Окончательный разрыв произошел после обмена письмами. 4 августа Брут и Кассий вместе пишут Антонию: «Мы прочли твое письмо, очень похожее на твой эдикт, — оскорбительное, угрожающее, недостойное быть написанным тобой нам». Они и далее выражаются в том же духе — отрицают попытки подкупить легионеров и обвиняют самого Антония в том, что он угрожает им, законно избранным преторам, применением силы. «Свободу мы ценим выше твоей дружбы», — пишут они. И на тот случай, если он не понял предупреждения, кратко напоминают, что Цезарю очень недолго довелось пользоваться незаконной властью.

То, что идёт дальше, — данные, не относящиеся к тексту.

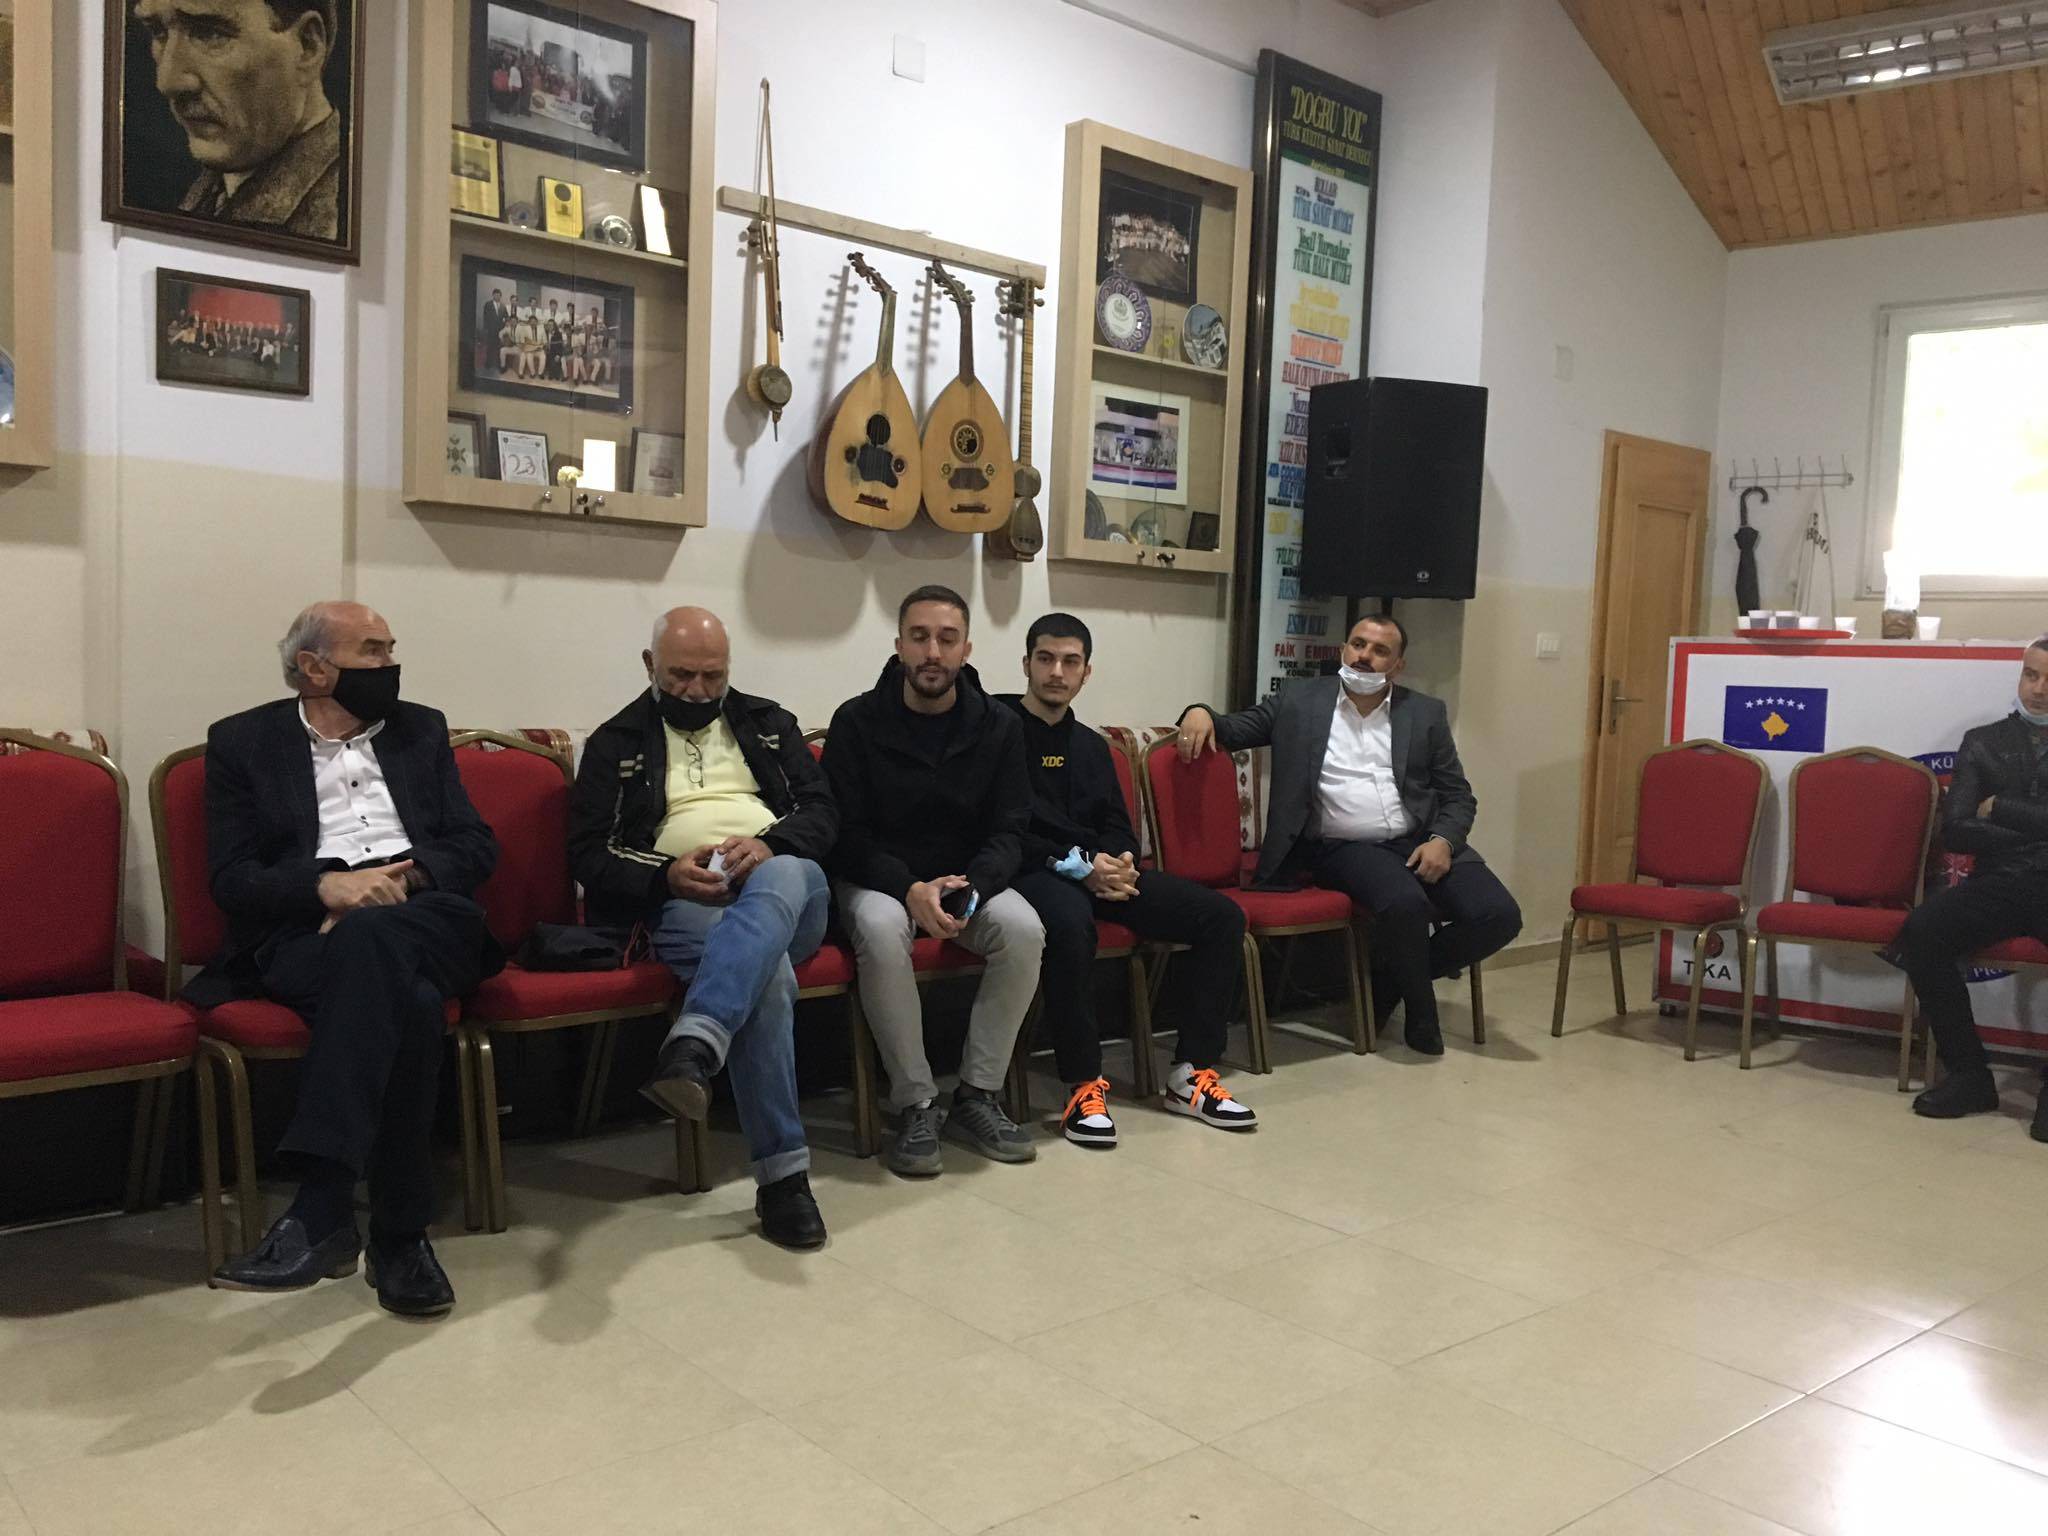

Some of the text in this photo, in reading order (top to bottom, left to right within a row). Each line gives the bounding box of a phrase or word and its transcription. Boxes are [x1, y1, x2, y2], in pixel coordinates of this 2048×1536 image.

[1042, 756, 1064, 767] XDC
[1931, 757, 1954, 769] KÜ
[1683, 960, 1731, 980] TKA

Вызов был брошен. С этого момента никаких разговоров об уступках между Антонием и поддерживаемыми оптиматами заговорщиками. Ирония заключалась в том, что их окончательный разрыв мог быть незапланированным результатом действий Октавиана — как его агитации за месть убийцам, так и отправки в Македонию агентов, обещавших звонкую монету тем солдатам, кто согласится рискнуть и сменить хозяина. Причин сомневаться в словах Брута нет — во всяком случае, когда он и Кассий отрицают попытку подкупить македонские легионы, которым Антоний приказал перебазироваться к нему в Италию. Антоний знал, что кто-то пытается поколебать верность его солдат, и пришел к очевидному, но ошибочному выводу. Он решил, что это оптиматы составили заговор с целью удалить его от власти до истечения консульства и отрешить от должности, на которую его утвердил народ сроком на пять лет.
Цицерон получил известия от Брута 17 августа в Велии, во время их последней встречи. Бывший консул возвращался в помпейскую усадьбу после несостоявшейся поездки в Грецию. Брут не вдавался в подробности о своих планах, хотя и бывшие с ним солдаты, и корабли — все свидетельствовало о его намерении покинуть Италию. Брут стал укорять Цицерона за попытку уехать из страны, в то время как его присутствие необходимо в сенате. Цицерон пообещал всегда его поддерживать, но сам писал Аттику, что в Рим не вернется, поскольку не видит в том никакой пользы.
Должно быть, какие-то события заставили Цицерона резко изменить мнение; в конце августа он устроил публичный въезд в столицу, отлично зная, что на следующий день Антоний назначил заседание сената. Оратора встречали толпы горожан; он заранее возвестил о своем прибытии и хотел испытать, насколько пользуется поддержкой народа. Люди уговаривали его остаться в городе и защищать в сенате их интересы. Антоний тоже настаивал на его присутствии; на заседании он, как консул, собирался предложить воздать Цезарю посмертные почести, в частности, объявить один день в году праздником в его честь — словно он и в самом деле был богом. К ярости Антония, Цицерон явиться отказался — на том основании, что после путешествия нуждается в отдыхе.